The reason that I think these considerations important is that a recent documentary on television almost mocked Newton for his interest in alchemy. Until I reflected, I too found myself shocked that Sir Thomas Browne read Paracelsus seriously (after all, unlike Giambattista della Porta, who made a point of saying that his Natural Secrets was originally a compilation made at age 15, Sir Thomas was writing in his maturity). Mea culpa, I was misled by Victorian and early 20th century emphasis exclusively on the hermetic and alchemical writing of Paracelsus. But, like the young G. della Porta, Newton would have known Paracelsus as a balanced whole, and so did Sir Thomas Browne. It was only when Renaissance medicine had become as inadequate as Galen's that a tangential modern movement treated him as partially and irrelevantly as the middle ages had treated as much as they knew of Aristotle. Paracelsus himself, if you allow him to be just himself and not a "who was Shakespeare?" sort of case, like the others, was proud to compare his work to Theophrastus. La Bruyère would have understood.
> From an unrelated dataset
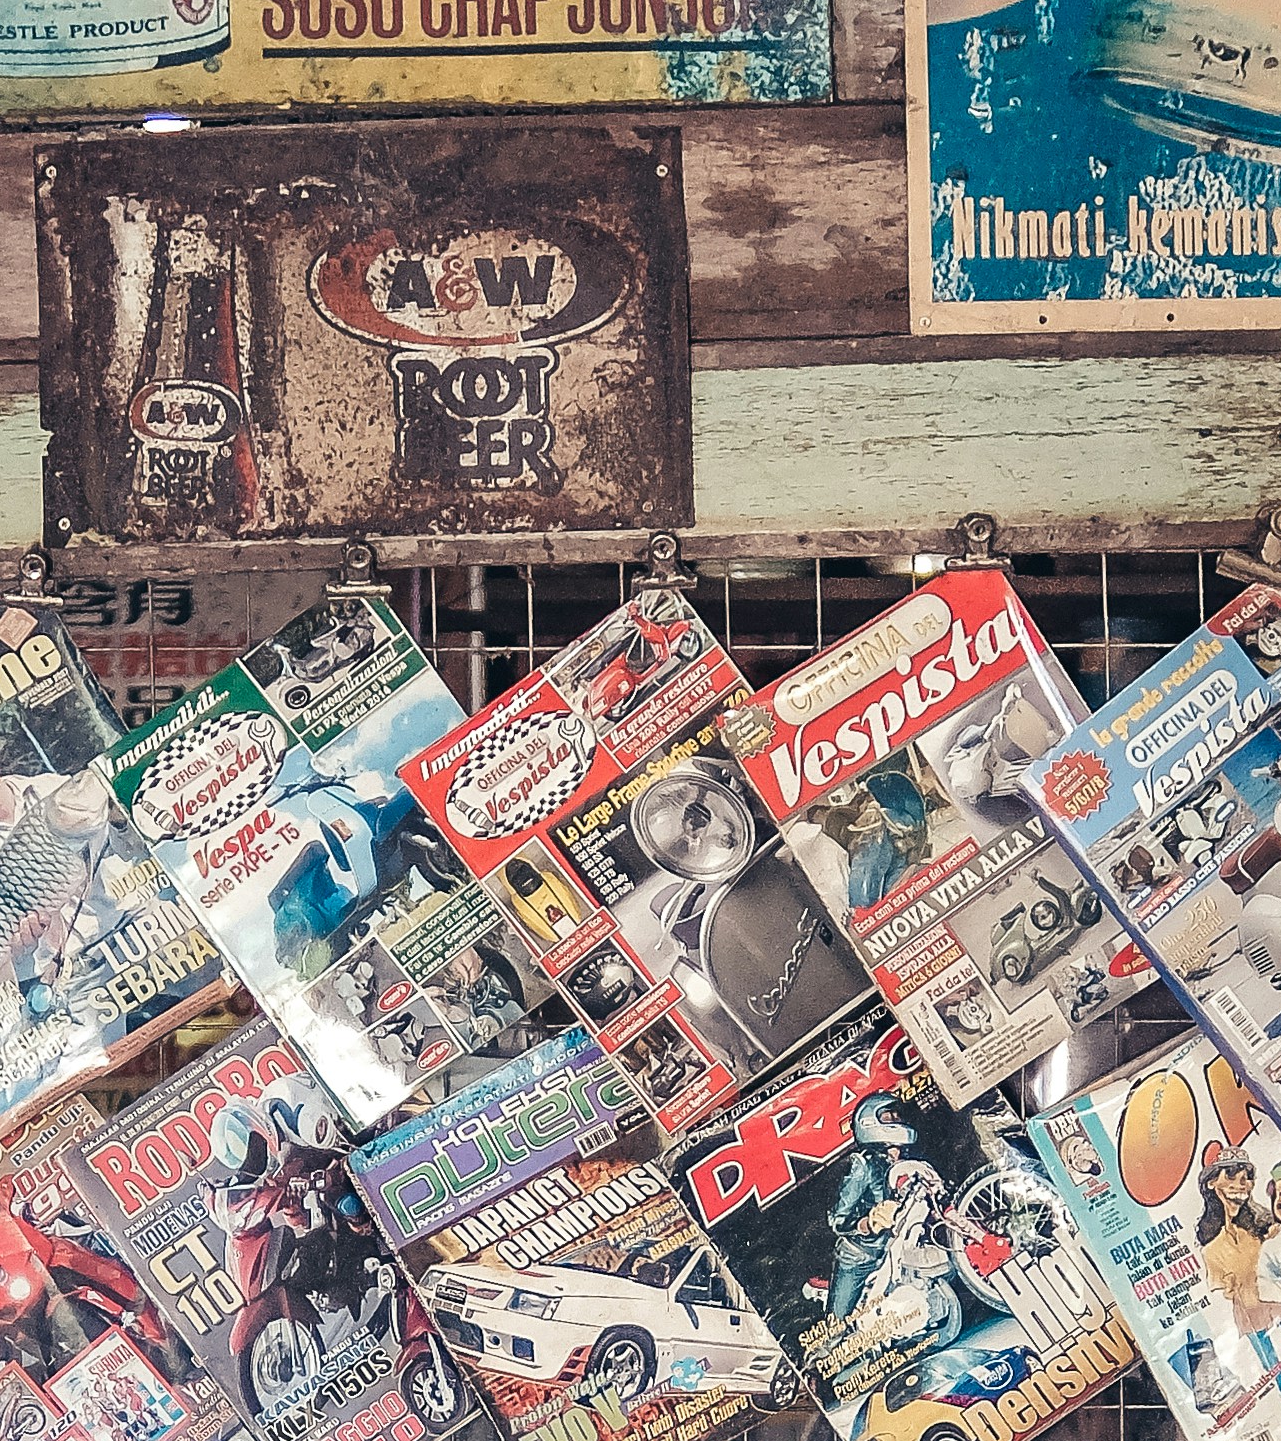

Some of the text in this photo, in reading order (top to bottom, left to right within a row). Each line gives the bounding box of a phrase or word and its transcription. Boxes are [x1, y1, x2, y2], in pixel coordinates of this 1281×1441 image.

Worse than not reading Paracelsus as all, persons craving the weird today read only a distorted fraction of Paracelsus, whereas he might aptly be treated in perspective, with respect, in the history of medicine.
I only mean to emphasize that everything needs to be read in its context, in this instance that of the best educated men in the early modern era, before microbiology, neuroscience as we know it, Hubble telescopy, scientific archaeology, digital photography, and so much more, gave rise to a different class of "the best educated men". Always, of course, including the female homines, anthropoi, Menschen, though many fewer of them had equal library access. Otherwise, failing to keep this in mind, we shall seriously misunderstand.

1 comment:

  1. Great post with plenty of food for thought! Thank heaven for those learned minds who, without prejudice, acknowledge that intellects such as Sir T.B. took elements of Paracelsian thought seriously; (the Paracelsian neologism 'spagyricci' is after all inscribed upon his coffin-plate).
    Post on Kircher coming up, but hardly in as much profound depth as here!